The Passive Voice: vera/verða + Participle

English has essentially one passive — "the letter is written," "the house was painted" — and it works the same way no matter what you mean. Icelandic splits that single English construction along two axes at once, and both will feel foreign. First, it chooses between two auxiliaries, vera ("to be") for a finished state and verða ("to become") for an unfolding event. Second, the past participle is not a fixed, frozen form the way English "written" is — it is an adjective, and like every Icelandic adjective it must agree with the subject in gender, number, and case. This page covers that periphrastic passive. (The reflexive-looking middle passive in -st and the subjectless impersonal passive each have their own page — see verbs/middle-voice-overview and verbs/impersonal-passive.)

The shape of the construction: auxiliary + agreeing participle

The periphrastic passive is two pieces: an auxiliary (vera or verða), conjugated for tense and to agree with the subject, plus the past participle of the main verb, which carries adjective endings.
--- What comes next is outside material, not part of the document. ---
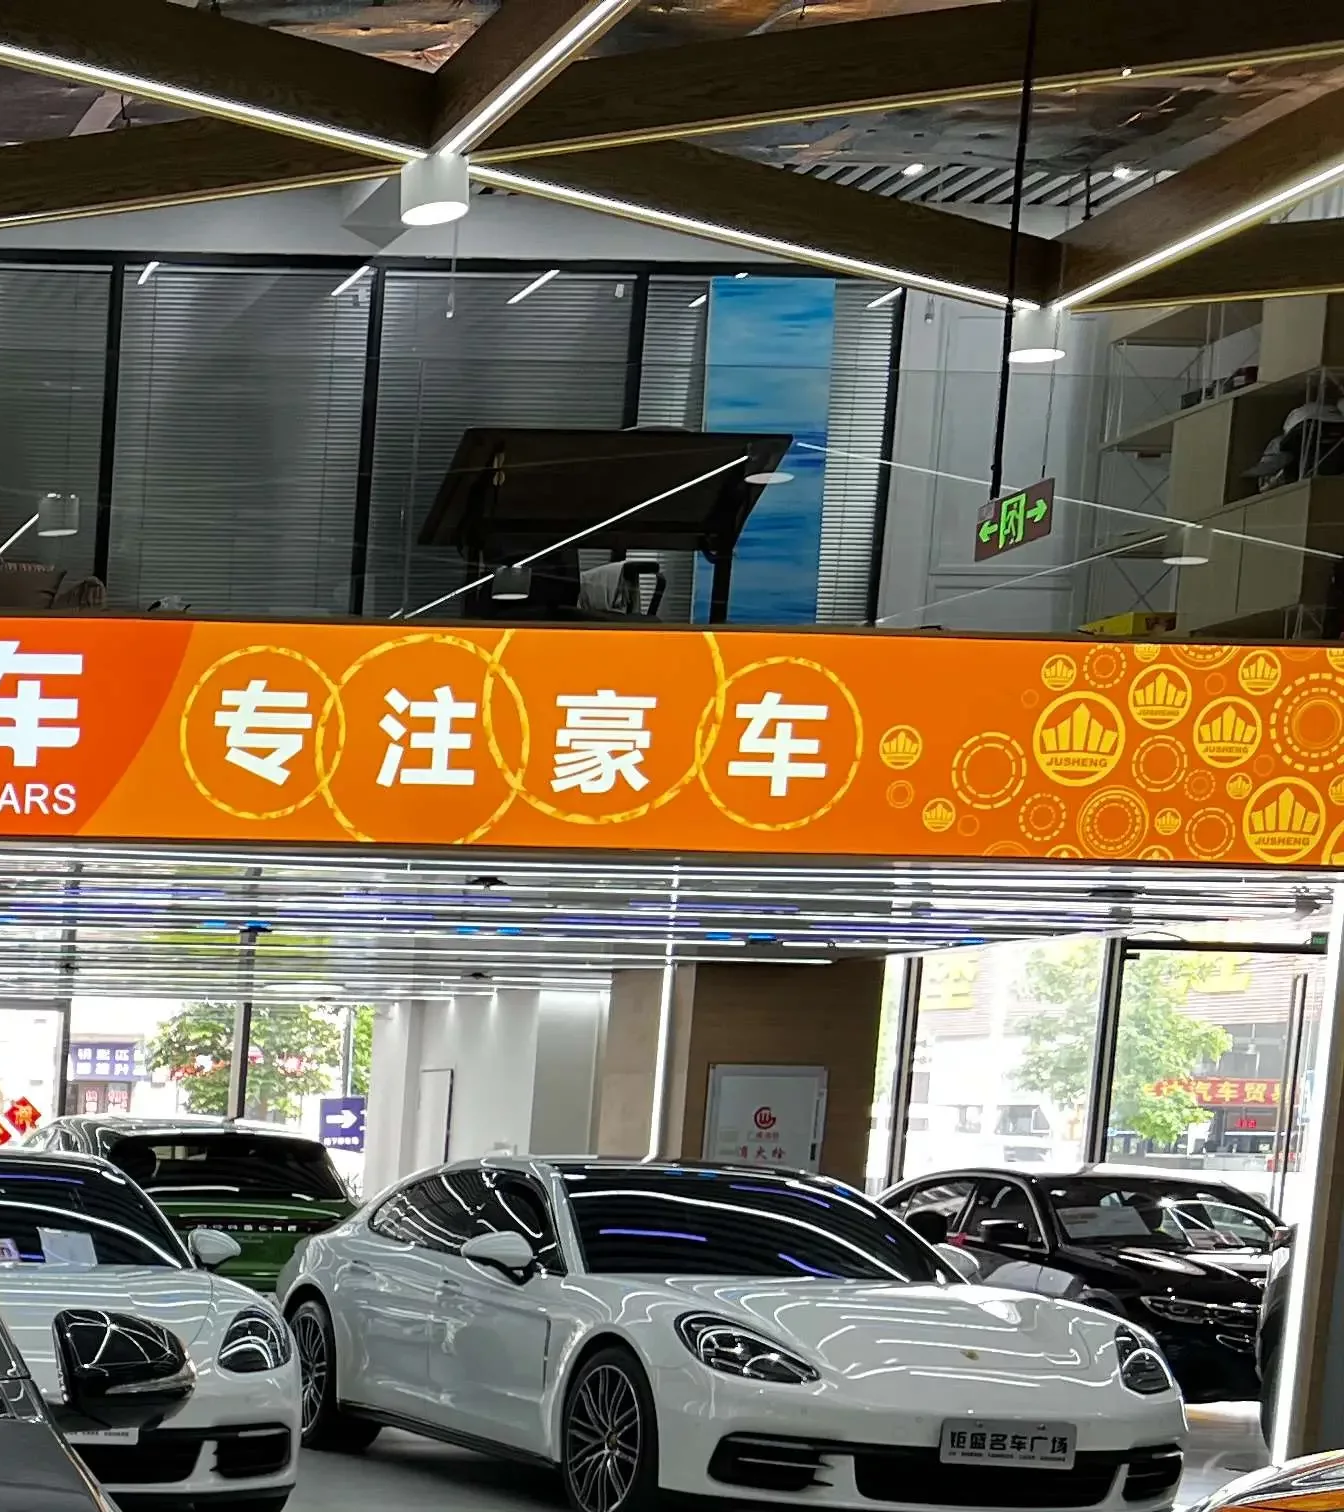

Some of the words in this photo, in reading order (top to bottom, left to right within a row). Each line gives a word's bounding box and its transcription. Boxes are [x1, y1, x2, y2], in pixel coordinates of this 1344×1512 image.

Take skrifa ("to write"), whose participle stem is skrifað-. The participle inflects exactly like a strong adjective:

  • masculine singular: skrifaður
  • feminine singular: skrifuð
  • neuter singular: skrifað

So the subject's gender directly changes the ending on the participle:

Bréfið er skrifað.

The letter is written. (bréf is neuter → neuter participle skrifað)

Bókin er skrifuð.

The book is written. (bók is feminine → feminine participle skrifuð)

Samningurinn er skrifaður.

The contract is written. (samningur is masculine → masculine participle skrifaður)

This is the first big mental adjustment. In English the participle never moves: "is written" is "is written" whether the subject is a letter, a book, or a contract. In Icelandic the participle is doing two jobs at once — naming the action and agreeing with the subject like any predicate adjective.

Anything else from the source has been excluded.